From the mHealthNews archive
By Ephraim Schwartz
08:09 am

Pharma, the industry that prides itself on being at the cutting edge of medical research, is simultaneously at the back end when it comes to adopting mobile technology solutions for what is a ready and waiting market of healthcare professionals.

Only 33 percent of all healthcare pharma applications are mobilized. What’s more, 45 percent of healthcare pharma websites on the market for less than five years are mobile-optimized, but only 28 percent of those older than five years are mobilized, according to a 2014 study, "Pharma Mobile Apps and Websites for Physicians: Benchmarking Current Efforts and a Framework for Optimizing Mobile Strategy," by Manhattan Research, a division of the Decision Resources Group.

While healthcare professionals will use pharma sites that make mobile access seamless, the repercussions for the laggards could be serious.
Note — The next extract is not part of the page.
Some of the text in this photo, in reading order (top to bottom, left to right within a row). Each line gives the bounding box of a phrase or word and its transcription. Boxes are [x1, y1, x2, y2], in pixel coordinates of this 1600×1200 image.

Companies like Medscape Mobile Manor Health and many insurers, in fact, are thinking "mobile first," said Monique Levy, vice president at the Decision Resources Group. Pharma, on the other hand, is only hurting itself.
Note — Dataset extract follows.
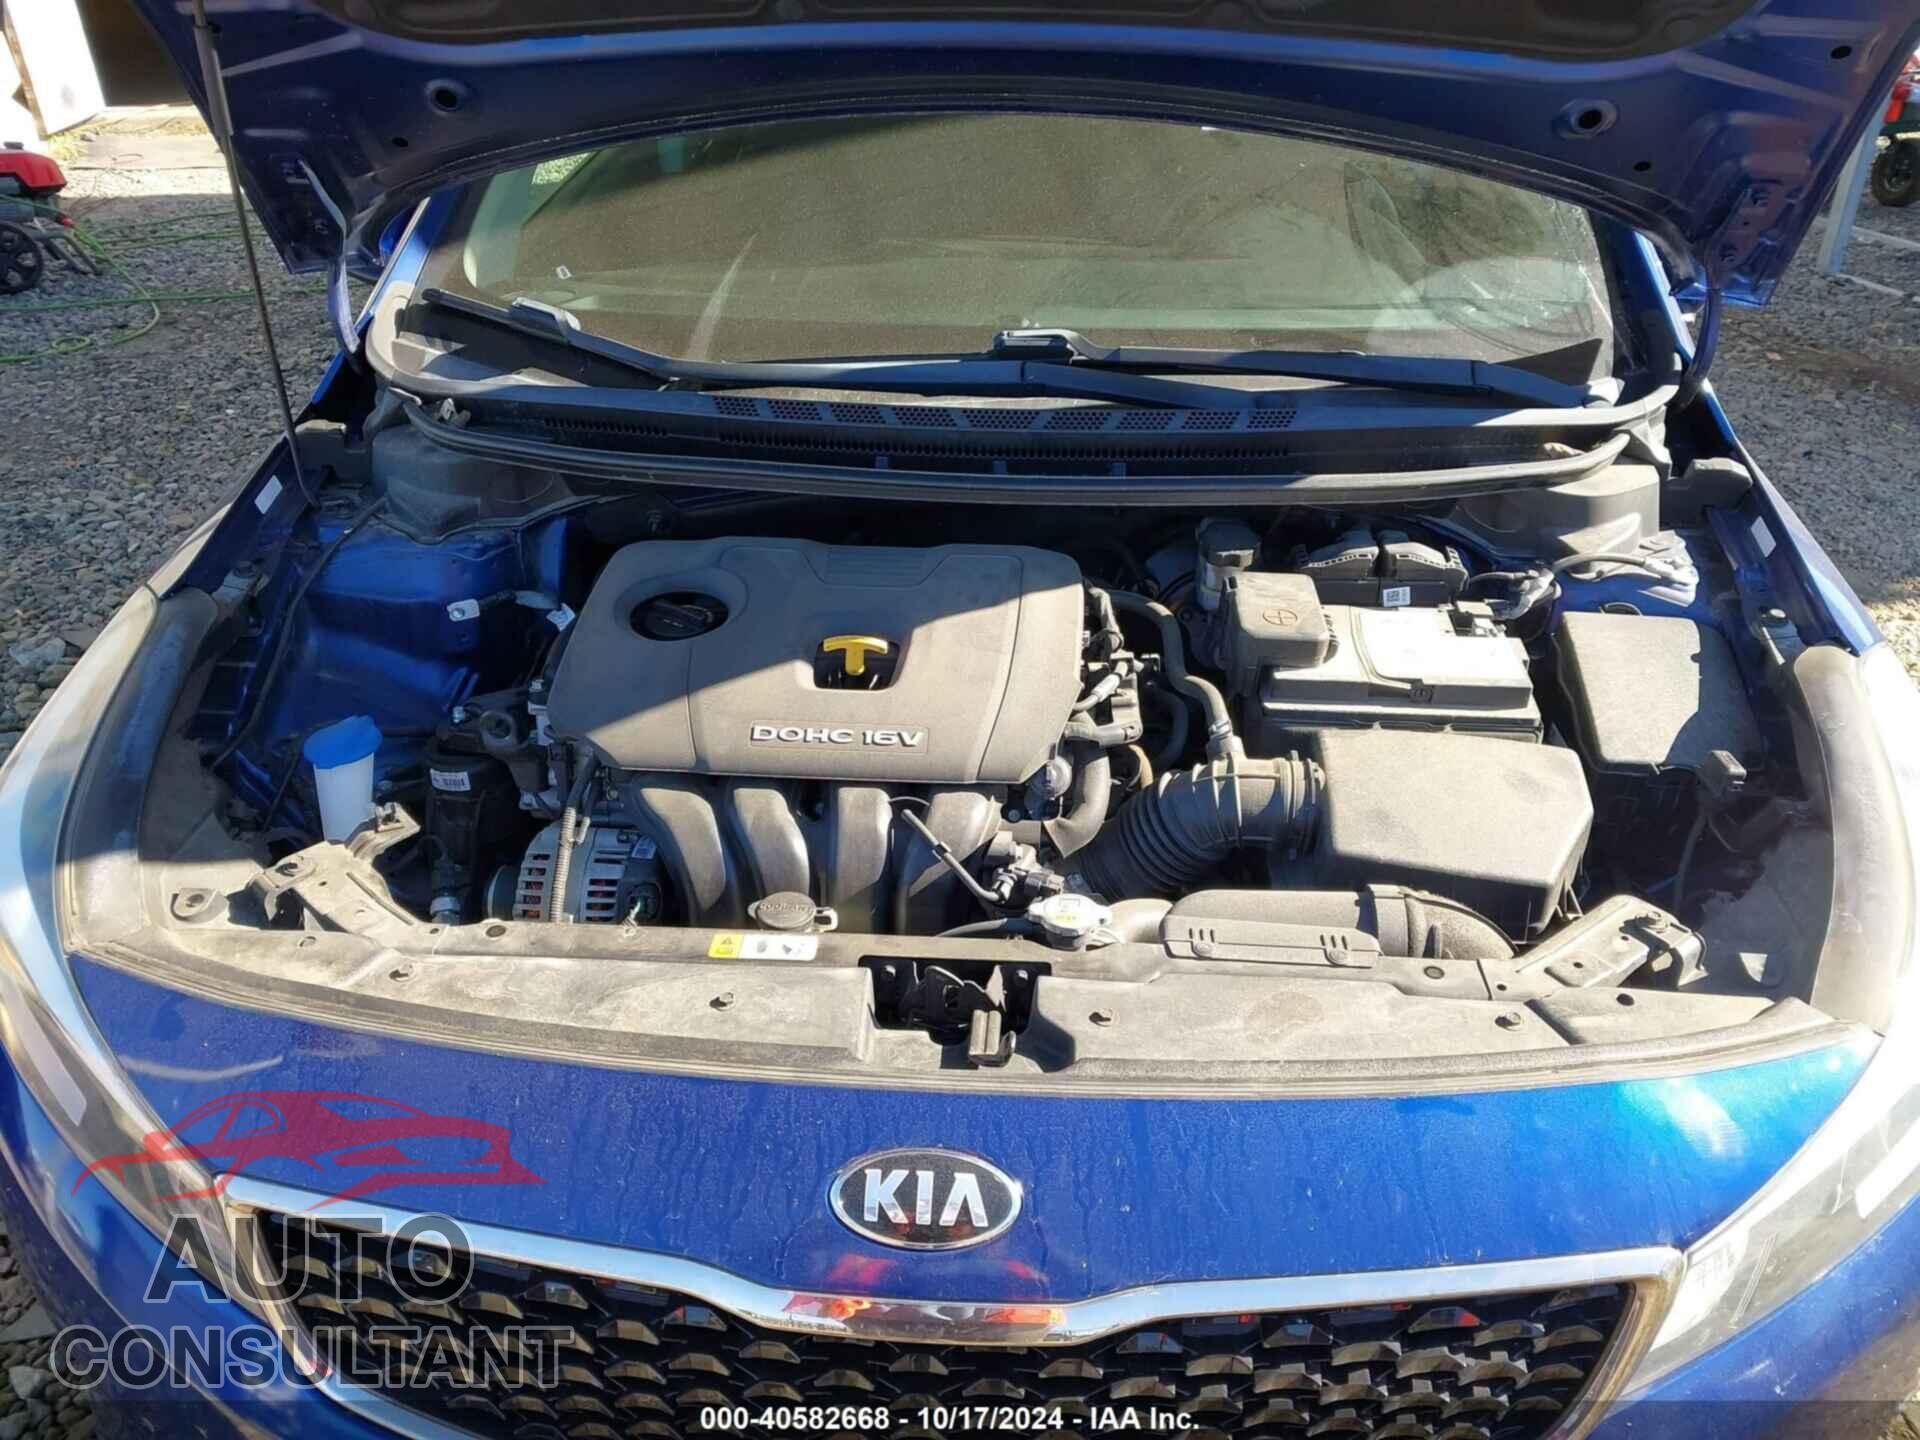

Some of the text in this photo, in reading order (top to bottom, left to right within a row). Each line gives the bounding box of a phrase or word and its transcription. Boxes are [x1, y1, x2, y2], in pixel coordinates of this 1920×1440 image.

[751, 725, 924, 747] DOHC 16V
[863, 1168, 989, 1228] KIA
"They lose opportunities,” Levy said. “In today's market where physicians are so pressured by drug choices, pharma needs every shot it can get for physicians prescribing their drug.”

[mHealth masters: Mercy Virtual's Randy Moore on breaking traditional healthcare thinking.]

One example brings the point home. If a physician looking at a formulary can see a co-pay on one site but not the other, that second company will lose the sale.

At the same time, the idea that a pharma company can build an exclusive application for its brand and become the go-to brand for physicians is unrealistic, said Mark Bard, CEO of Digital Insights Group, a market research firm for the healthcare industry. The average physician, he notes, keeps a maximum of four healthcare apps on their mobile device.

There is no single answer as to why pharma lags. Of the top 75 pharmaceutical brands, two-thirds have not optimized for mobile, according to the non-profit Digital Health Coalition.

One reason may be that the more conservative pharma companies know there is still a lot to be learned about what physicians want on a web site, said Bard. He breaks down adoption of mobile by pharma into three categories:

  1. Those that are optimized;
  2. Those who have a one- or two-year strategy to mobilize (keeping in mind that they still need to play with whatever new devices come along in the next six months to a year); and
  3. Those who say they are not getting much traffic, so why upgrade?

Perhaps the last group, as their traffic dwindles, will take the hint.